What they found was that, in their words, that “surprisingly few duplicate pairs show any evidence of sub-/neofunctionalization of expression.” The went further, stating that “the prevailing model for the evolution of gene duplicates holds that, to survive, duplicates must achieve non-redundant functions, and that this usually occurs by partitioning the expression space. However, we report here that sub-/neofunctionalization of expression occurs extremely slowly, and generally does not happen until the duplicates are separated by genomic rearrangements. Thus, in most cases long-term survival must rely on other factors.” They propose instead that “following duplication the expression levels of a gene pair evolve so that their combined expression matches the optimal level. Subsequently, the relative expression levels of the two genes evolve as a random walk, but do so slowly (33) due to constraint on their combined expression. If expression happens to become asymmetric, this reduces functional constraint on the minor gene. Subsequent accumulation of missense mutations in the minor gene may provide weak selective pressure to eventually eliminate expression of this gene, or may free the minor gene to evolve new functions.”

The Lan and Pritchard paper is the latest in a series of works that examine high-browed evolutionary theories with hard data, and that are finding reality to be far more complicated than the intuitively appealing, yet clearly inadequate, hypotheses of neo- and subfunctionalization. One of the excellent papers in the area is

Dean et al. Pervasive and Persistent Redundancy among Duplicated Genes in Yeast, PLoS Genetics, 2008.

where the authors argue that in yeast “duplicate genes do not often evolve to behave like singleton genes even after very long periods of time.” I mention this paper, from the Petrov lab, because its results are fundamentally at odds with what is arguably the first paper to provide genome-wide evidence for neofunctionalization (also in yeast):

M. Kellis, B.W. Birren and E.S. Lander, Proof and evolutionary analysis of ancient genome duplication in the yeast Saccharomyces cerevisae, Nature 2004.

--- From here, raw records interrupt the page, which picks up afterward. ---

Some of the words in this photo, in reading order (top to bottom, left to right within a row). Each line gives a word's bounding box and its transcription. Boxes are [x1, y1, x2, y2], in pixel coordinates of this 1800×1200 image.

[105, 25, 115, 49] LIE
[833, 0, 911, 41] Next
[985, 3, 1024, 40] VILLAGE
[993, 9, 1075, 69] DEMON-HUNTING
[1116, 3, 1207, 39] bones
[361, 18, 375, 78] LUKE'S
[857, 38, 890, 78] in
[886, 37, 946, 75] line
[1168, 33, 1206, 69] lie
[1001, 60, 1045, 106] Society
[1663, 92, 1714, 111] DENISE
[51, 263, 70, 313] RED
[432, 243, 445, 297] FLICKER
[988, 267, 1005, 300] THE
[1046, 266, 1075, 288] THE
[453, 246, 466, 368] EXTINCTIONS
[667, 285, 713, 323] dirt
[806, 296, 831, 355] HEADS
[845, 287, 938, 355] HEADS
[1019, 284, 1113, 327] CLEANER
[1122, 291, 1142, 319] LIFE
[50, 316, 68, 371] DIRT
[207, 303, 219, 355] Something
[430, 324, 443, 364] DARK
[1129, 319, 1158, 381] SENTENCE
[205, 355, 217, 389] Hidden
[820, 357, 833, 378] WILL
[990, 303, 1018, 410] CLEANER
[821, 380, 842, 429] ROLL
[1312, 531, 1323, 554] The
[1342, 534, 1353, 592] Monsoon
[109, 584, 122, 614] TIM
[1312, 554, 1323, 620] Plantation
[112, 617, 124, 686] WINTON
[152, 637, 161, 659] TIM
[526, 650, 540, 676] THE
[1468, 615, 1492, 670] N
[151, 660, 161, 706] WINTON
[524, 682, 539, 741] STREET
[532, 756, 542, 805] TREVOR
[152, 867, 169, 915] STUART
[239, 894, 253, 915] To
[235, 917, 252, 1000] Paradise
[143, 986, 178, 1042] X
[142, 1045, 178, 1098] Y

At the time, the Kellis-Birren-Lander paper was hailed as containing “work that may lead to better understanding of genetic diseases” and in the press release Kellis stated that “understanding the dynamics of genome duplication has implications in understanding disease. In certain types of cancer, for instance, cells have twice as many chromosomes as they should, and there are many other diseases linked to gene dosage and misregulation.” He added that “these processes are not much different from what happened in yeast.” and the author of the press releases added that “whole genome duplication may have allowed other organisms besides yeast to achieve evolutionary innovations in one giant leap instead of baby steps. It may account for up to 80 percent (seen this number before?) of flowering plant species and could explain why fish are the most diverse of all vertebrates.”

This all brings me to:

The challenge

In the abstract of their paper, Kellis, Birren and Lander wrote that:

Strikingly, 95% of cases of accelerated evolution involve only one member of a gene pair, providing strong support for a specific model of evolution, and allowing us to distinguish ancestral and derived functions.” [boldface by authors]
In the main text of the paper, the authors expanded on this claim, writing:

Strikingly, in nearly every case (95%), accelerated evolution was confined to only one of the two paralogues. This strongly supports the model in which one of the paralogues retained an ancestral function while the other, relieved of this selective constraint, was free to evolve more rapidly”.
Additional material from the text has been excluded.